We do not sell your personal information. We may share your information with:

  • Service providers who assist in our operations (e.g., hosting, email)
  • Payment processors (Stripe) for secure payment handling
  • HMRC — income, expense, and fraud prevention data transmitted when you submit a quarterly return
  • Legal authorities when required by law

Data Security

We implement appropriate security measures to protect your personal information. Sensitive data including your NINO and HMRC OAuth tokens are encrypted using AES-256-GCM before being stored. However, no method of transmission over the Internet is 100% secure.

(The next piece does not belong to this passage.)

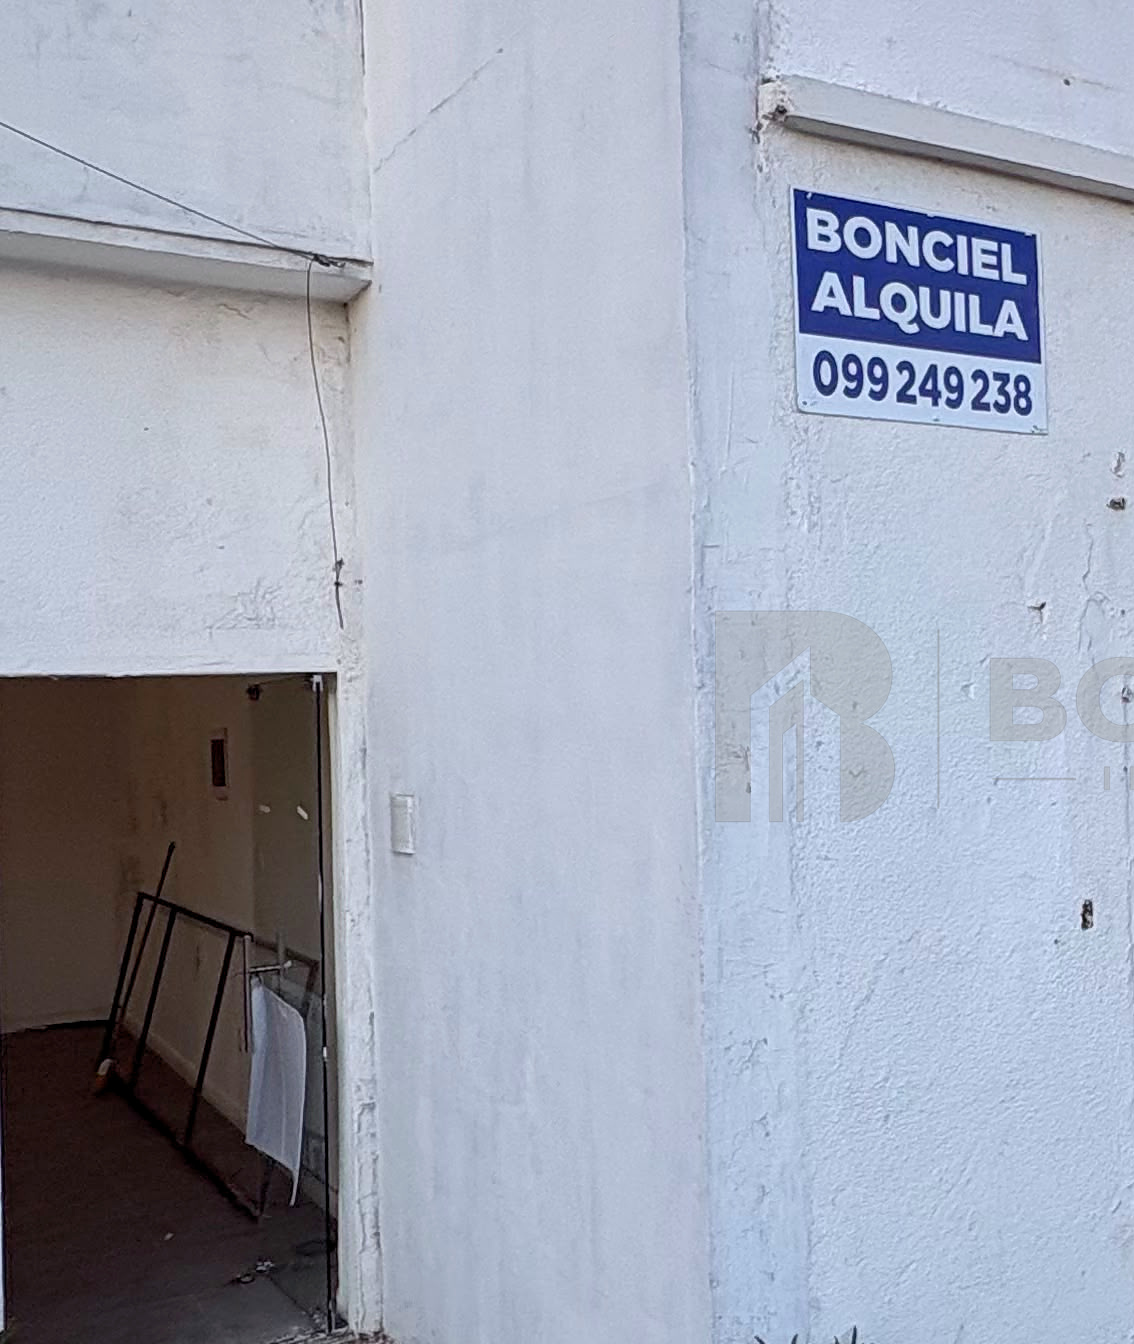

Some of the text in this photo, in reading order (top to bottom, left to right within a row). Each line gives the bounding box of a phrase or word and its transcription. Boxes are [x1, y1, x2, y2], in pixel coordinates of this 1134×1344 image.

[806, 207, 1028, 286] BONCIEL
[811, 271, 1029, 341] ALQUILA
[812, 350, 1033, 417] 099 249 238

If you believe you have found a security vulnerability, or have concerns about the security of your data, please report it to security@riven.page or visit our security page. We have a documented incident response plan and will acknowledge your report within 24 hours. In the event of a data breach, we will notify HMRC, the ICO, and affected users within 72 hours as required by UK GDPR.

Your Rights

Under GDPR and UK data protection laws, you have the right to:

  • Access your personal data
  • Correct inaccurate data
  • Request deletion of your data
  • Object to processing of your data
  • Data portability — you can export your MTD data (submissions, obligations, connection details) from your Tax dashboard at any time
  • Withdraw consent at any time

Cookies

We use essential cookies to ensure our website functions properly. We may use analytics cookies (such as Plausible) to understand how visitors use our site. These do not track personal information.

Contact Us

If you have questions about this Privacy Policy, please contact us at:

Email: hello@riven.page

Changes to This Policy

We may update this Privacy Policy from time to time. We will notify you of any changes by posting the new Privacy Policy on this page and updating the "Last updated" date.